Front. Genet. | doi: 10.3389/fgene.2019.01007

Mining public toxicogenomic data reveals insights and challenges in delineating liver steatosis adverse outcome pathways

  • 1Biotechnology HPC Software Applications Institute (BHSAI), United States
  • 2United States Army Medical Research and Materiel Command, United States

Exposure to chemicals contributes to the development and progression of fatty liver, or steatosis, a process characterized by abnormal accumulation of lipids within liver cells. However, lack of knowledge on how chemicals cause steatosis has prevented any large-scale assessment of the 80,000+ chemicals in current use. To address this gap, we mined a large, publicly available toxicogenomic dataset associated with 18 known steatogenic chemicals to assess responses across assays (in vitro and in vivo) and species (i.e., rats and humans). We identified genes that were differentially expressed (DEGs) in rat in vivo, rat in vitro, and human in vitro studies in which rats or in vitro primary cell lines were exposed to the chemicals at different doses and durations. Using these DEGs, we performed pathway enrichment analysis, analyzed the molecular initiating events (MIEs) of the steatosis adverse outcome pathway (AOP), and predicted metabolite changes using metabolic network analysis. Genes indicative of oxidative stress were among the DEGs most frequently observed in the rat in vivo studies. Nox4, a pro-fibrotic gene, was down-regulated across these chemical exposure conditions.
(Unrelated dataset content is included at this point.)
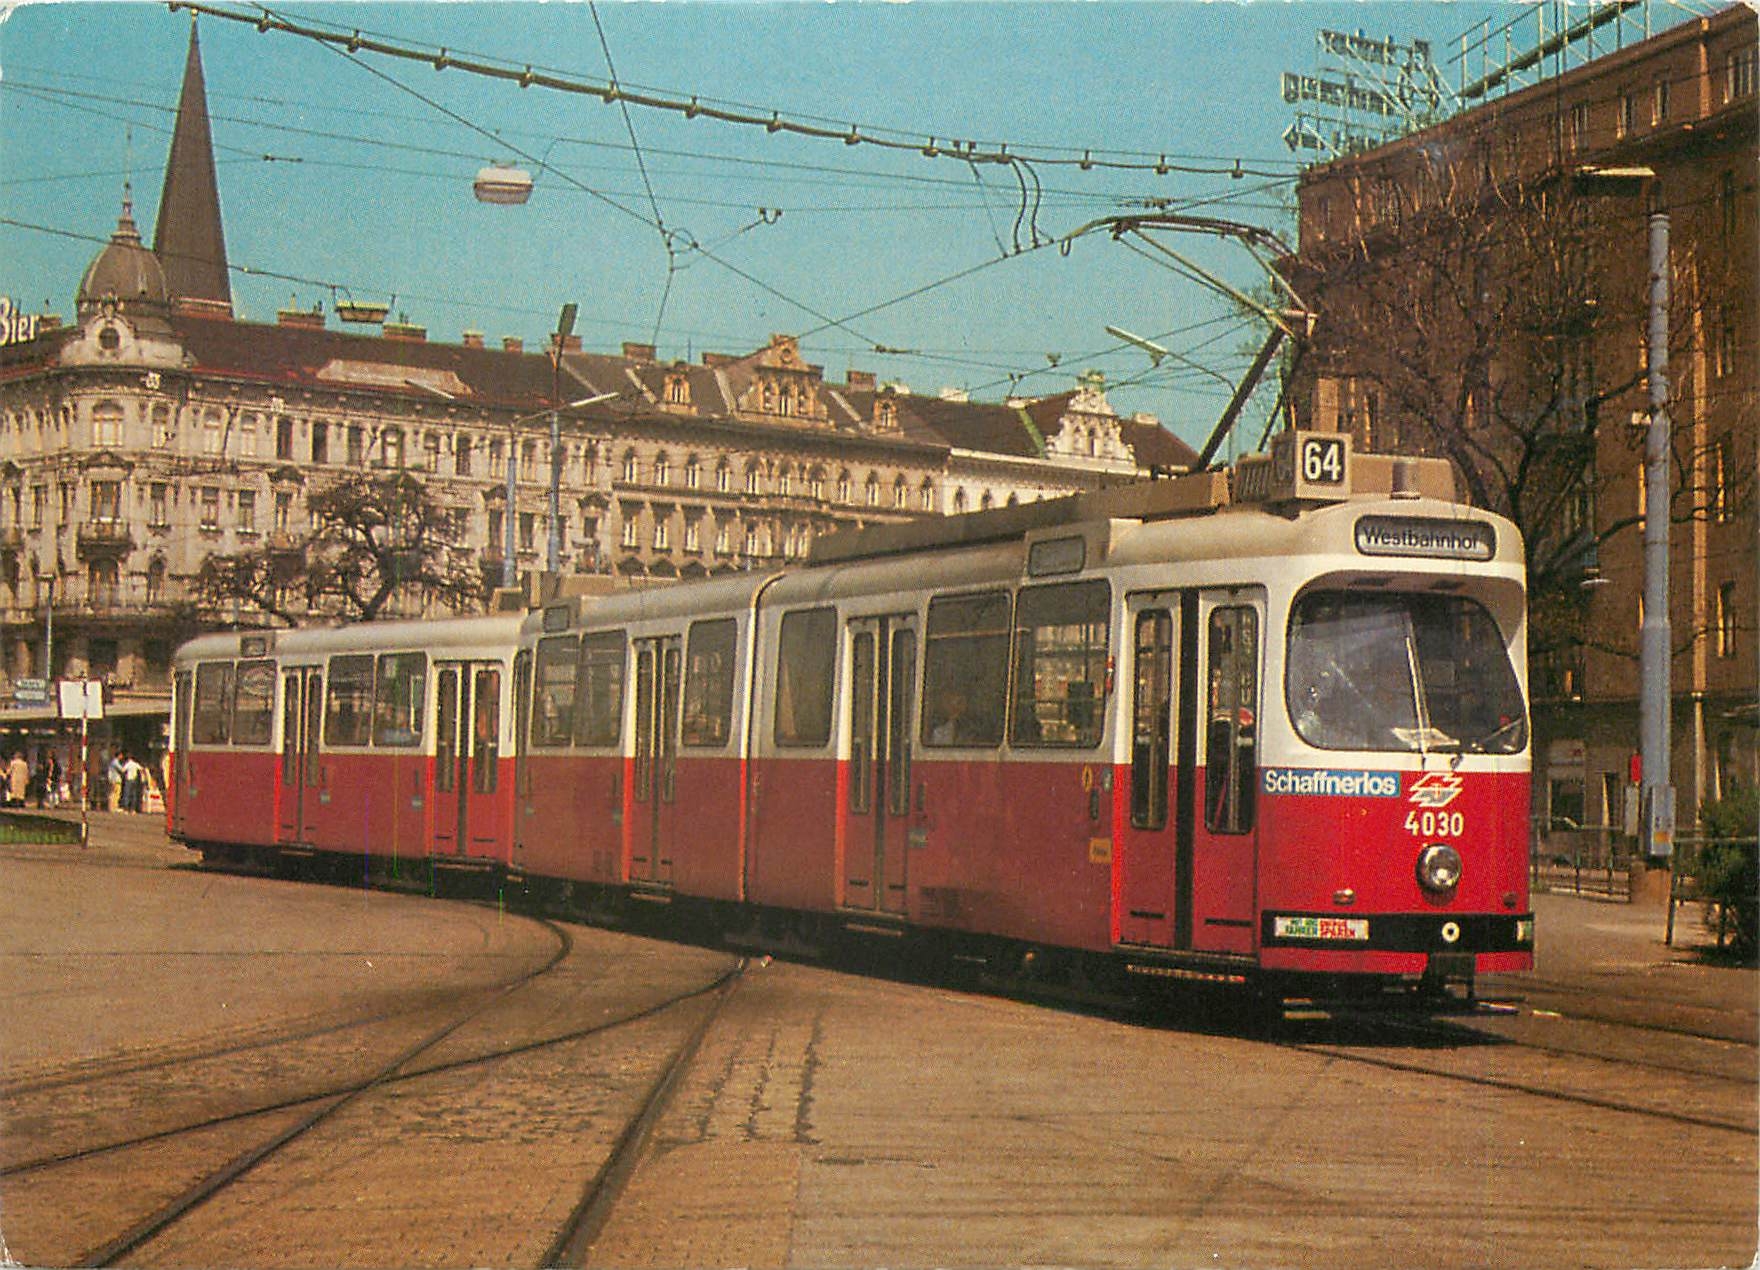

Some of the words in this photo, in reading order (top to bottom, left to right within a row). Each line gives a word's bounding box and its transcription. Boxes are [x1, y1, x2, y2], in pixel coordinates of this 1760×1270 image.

We identified eight genes (Cyp1a1, Egr1, Ccnb1, Gdf15, Cdk1, Pdk4, Ccna2, and Ns5atp9) and one pathway (retinol metabolism), associated with steatogenic chemicals and whose response was conserved across the three in vitro and in vivo systems. Similarly, we found the predicted metabolite changes, such as increases of saturated and unsaturated fatty acids, conserved across the three systems. Analysis of the target genes associated with the MIEs of the current steatosis AOP did not provide a clear association between these 18 chemicals and the MIEs, underlining the multi-factorial nature of this disease. Notably, our overall analysis implicated mitochondrial toxicity as an important and overlooked MIE for chemical-induced steatosis. The integrated toxicogenomics approach to identify genes, pathways, and metabolites based on known steatogenic chemicals, provide an important mean to assess development of AOPs and gauging the relevance of new testing strategies.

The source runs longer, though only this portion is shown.